[darcs-devel] Proposal for new format to store patch files

Jason Dagit dagit at eecs.oregonstate.edu
Wed Jun 1 15:39:20 PDT 2005


Ian Lynagh <igloo at earth.li> writes:

> On Thu, May 12, 2005 at 12:22:34PM -0700, Jason Dagit wrote:
>> My propsal is to use a format similar to ar (or we could maybe use ar
>> as is).
>> [snip description of ar idea]
>
> When applying patches etc this isn't a problem.

Fortunately apply patches remains fast for small patches.  I have a
repository where the pristine tree is about 200MB.  Some of the
initial patches are 40-60Mb in size.  Getting the repository isn't
really an option at this point.  I believe the last time I tried it,
it took on the order of 6hours.  I can scp the directory in a fraction
of that time, which is what I endup doing when I need to "get".  It's
an "okay" work around since I'm the only one that uses this repo, but
it would be a pain if a real project required this.

> If we just want to know what files a patch affects, or what patches
> affect a file, then we should have a separate index for this info.
> (we have to be careful re: renames, of course).

Is anyone working on this?  Is there a bug that I should be watching?
I could help test out the changes.  I'd like to contribute to the
betterment of darcs.

> It might be worth doing something like what you suggest for when we want
> to see exactly how patch P affects file F.

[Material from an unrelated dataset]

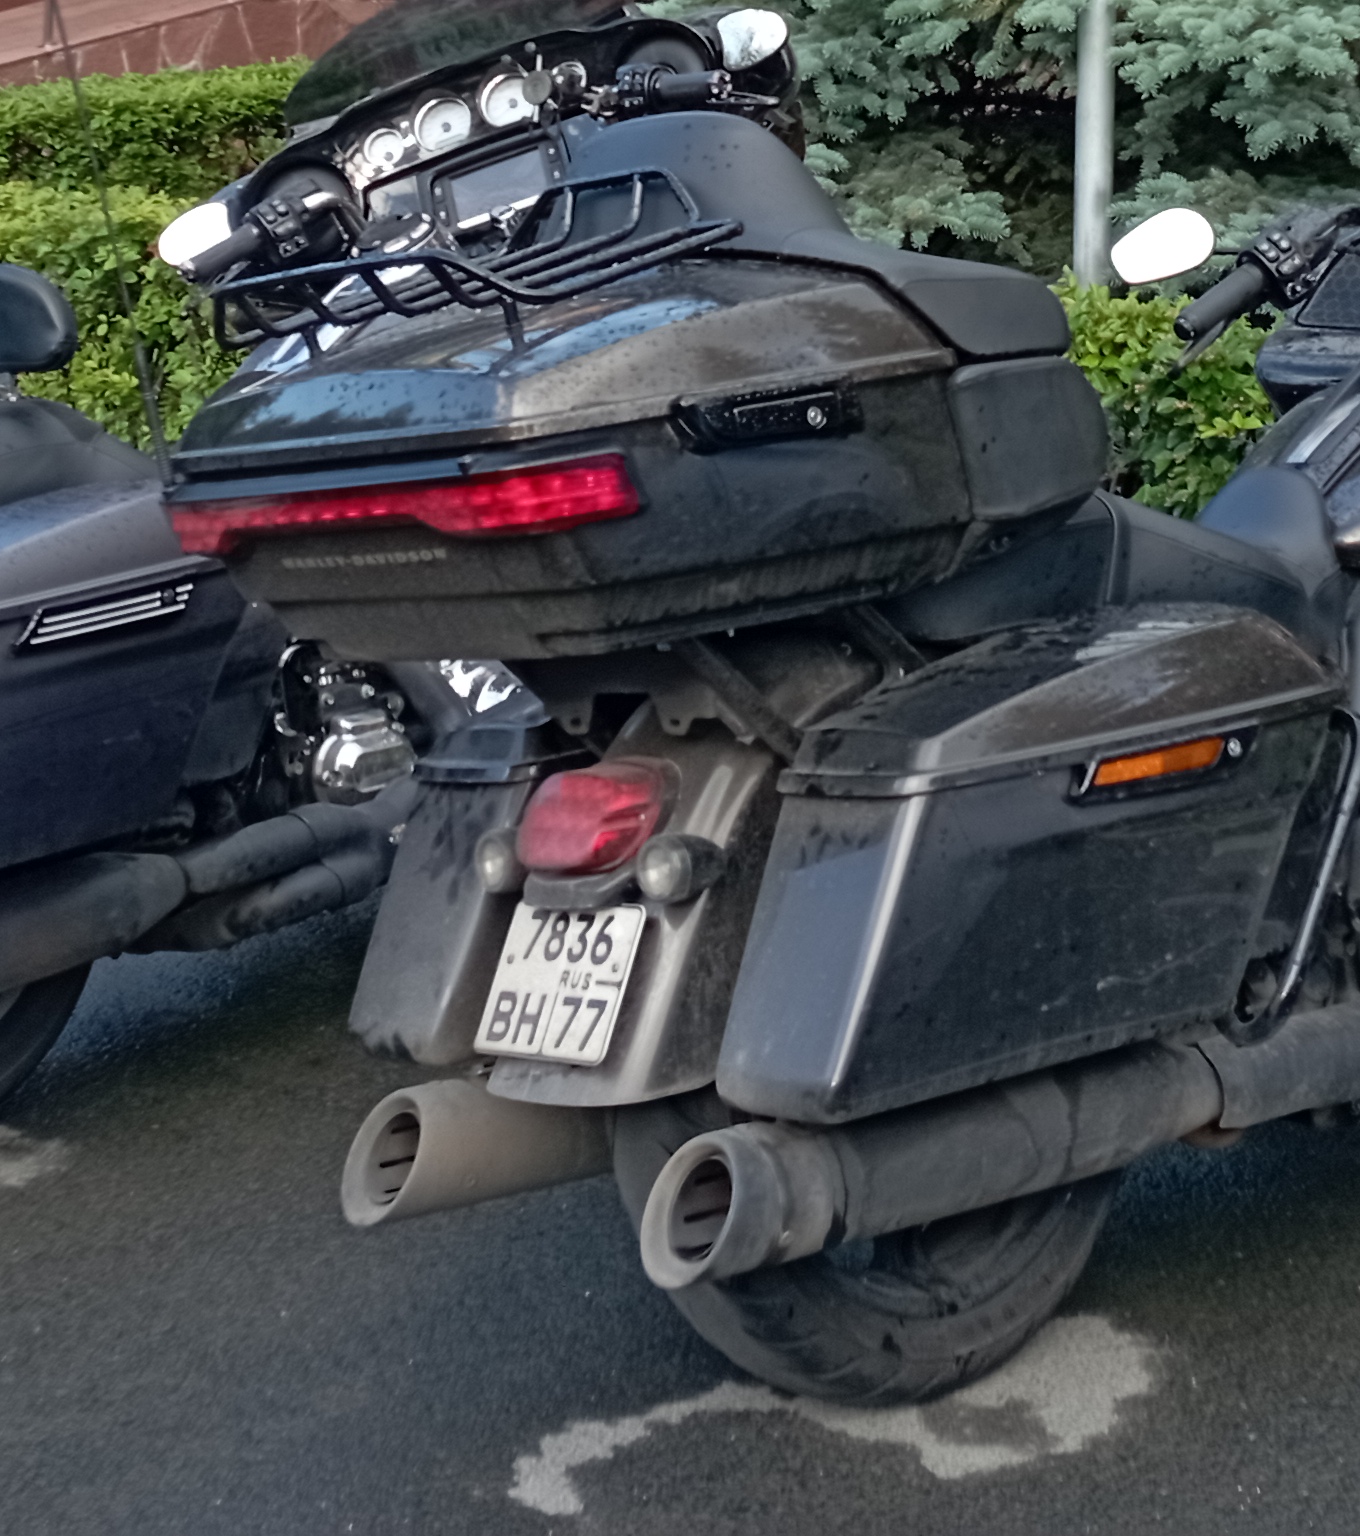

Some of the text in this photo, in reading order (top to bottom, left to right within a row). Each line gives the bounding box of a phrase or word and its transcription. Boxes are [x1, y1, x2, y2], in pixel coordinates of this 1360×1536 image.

[523, 910, 615, 965] 7836
[560, 970, 592, 990] RUS
[554, 996, 608, 1052] 77
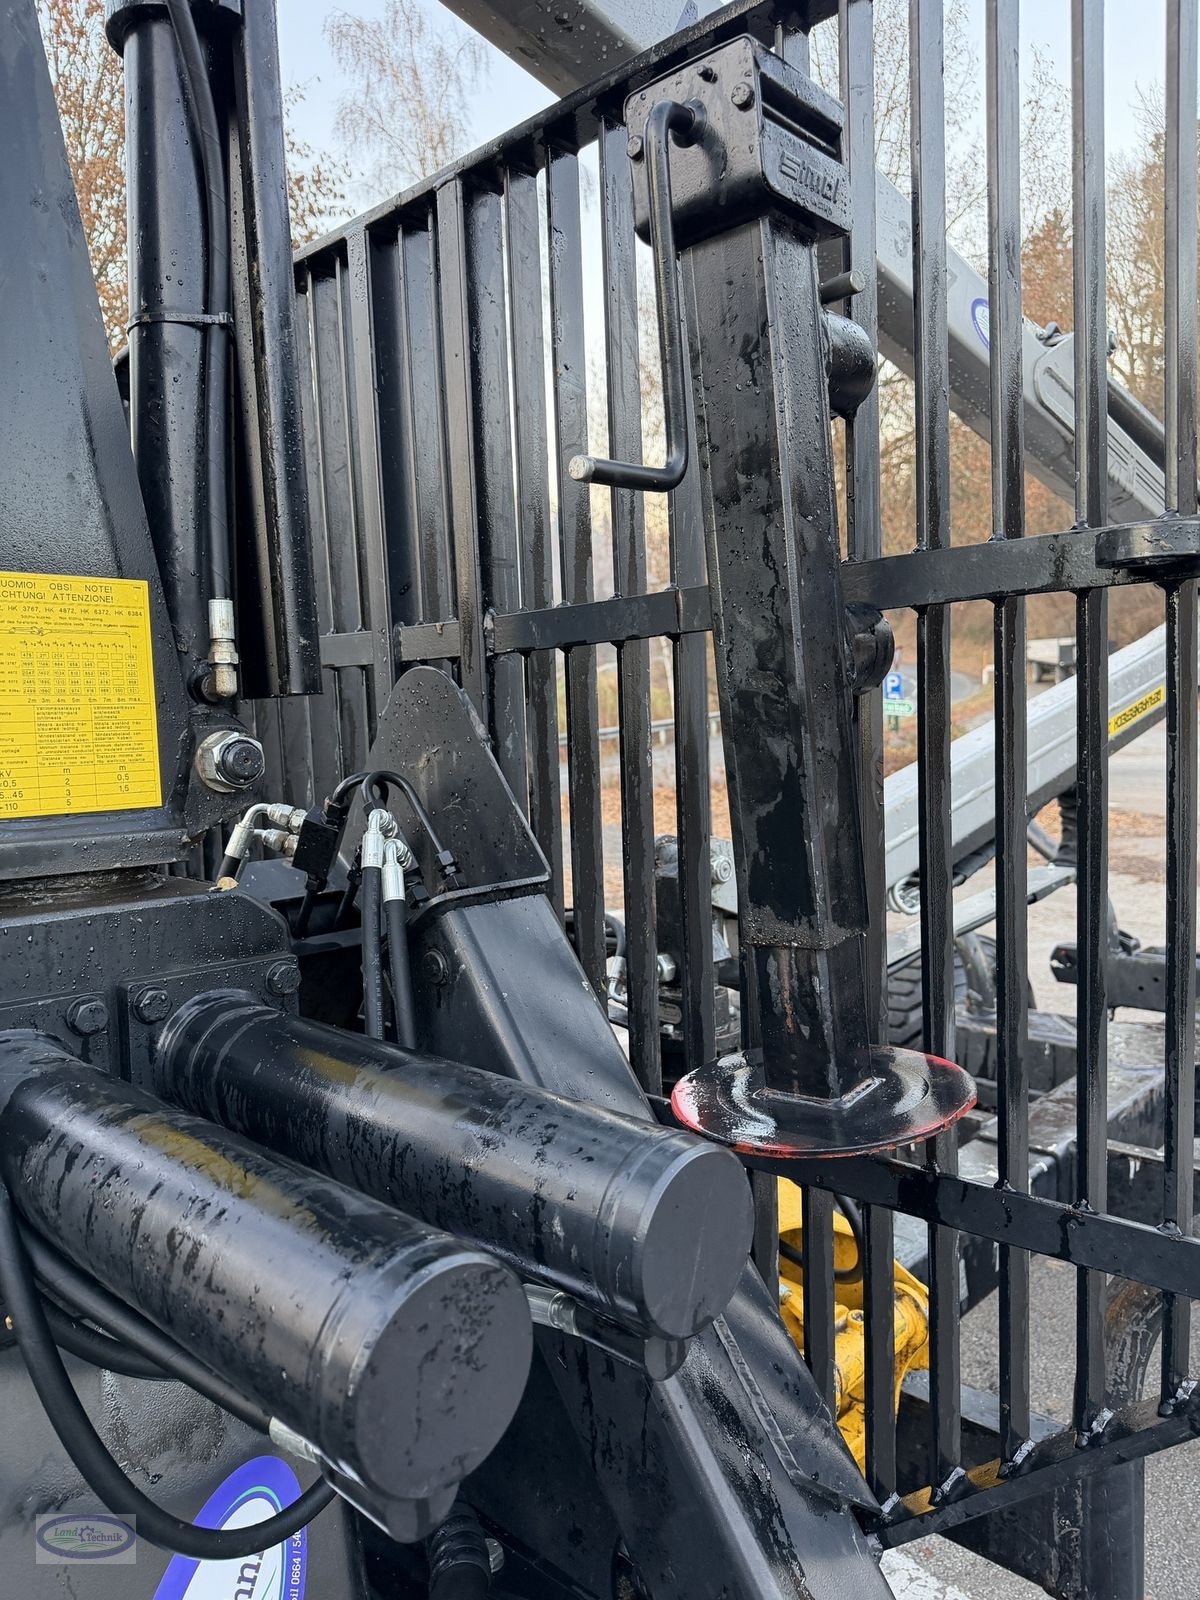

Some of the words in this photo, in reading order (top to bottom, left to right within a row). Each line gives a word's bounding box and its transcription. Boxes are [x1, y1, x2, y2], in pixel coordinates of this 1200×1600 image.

add, record, push and pull are the only operations which I know for
certain I can do on my huge repositiory.  I'm hesitant to try anything
else.  For example, I've tried "whatsnew -l" before and run out of
memory, although, I think this had more to do with the large number of
files (several gigs) which were not in the repository.  Actually, this
point probably need attention as well.  If you list each of the files
that were not in the repository, it would be a small amount of data.
I suspect darcs was actually reading each file instead of just noting
that the file was not in the repository.  I should try this again with
a recent version of darcs.  It would appear that 1.0.3rc1 has this
problem as well.  I think I'll look at the code and see if I can make
a patch for this.

I guess I'm trying to say that if a file is not in the repository,
then whatsnew should probably stop looking at the file as soon as it
realizes that the the file is new.  

> I think we'd just want our own header at the start though, so rather
> than having
>
>     gzip(foo_hunks, bar_hunks)
>
> we would have
>
>     gzip(foo=0\nbar=sizeof(foo_hunks)\n, EOH, foo_hunks, bar_hunks)
>
> (this would also give us one of the above indices).
> (also, we have to be careful that either all the bits for one file are
> together or that we get them all. Probably best to try to do both).

I respect the idea of starting small.  I'm not up to speed on the
darcs source, but I do know some haskell.  What would be the impacts
of making this change?  How far reaching would it be?  I'm trying to
guage if making this change would be a reasonable way to learn the
darcs source tree.

> This would have the advantage that you can still open the files in a
> pager/editor.

ar would respect this as well.  The header information in an ar file
is stored as plaintext, the contents are only in binary if the file
was binary.  We could still ascii-enarmor if we want.  Actually, if we
don't have binary diffs I see no reason to process the binary file
unless we need to copy it.  I think the slow down on large patches is
largely caused by processing the patch character by character at times
when we shouldn't _need_ to.  I realize at times it may be unavoidable
to process the data, but for those times it seems like a fast "copy
section of file to disk" function (in C if we have to) would be
desirable.

>> [request for premission data in the patch format]

> Storing the info isn't the problem here, it's working out what to do
> with it.

Fair enough, I have have been educated by the nice people of #darcs on
why this is problematic.  I have some ideas brewing for how to get CVS
style root repositories for people that insist on using darcs like
they would use CVS.  But I'm not ready to share those ideas yet.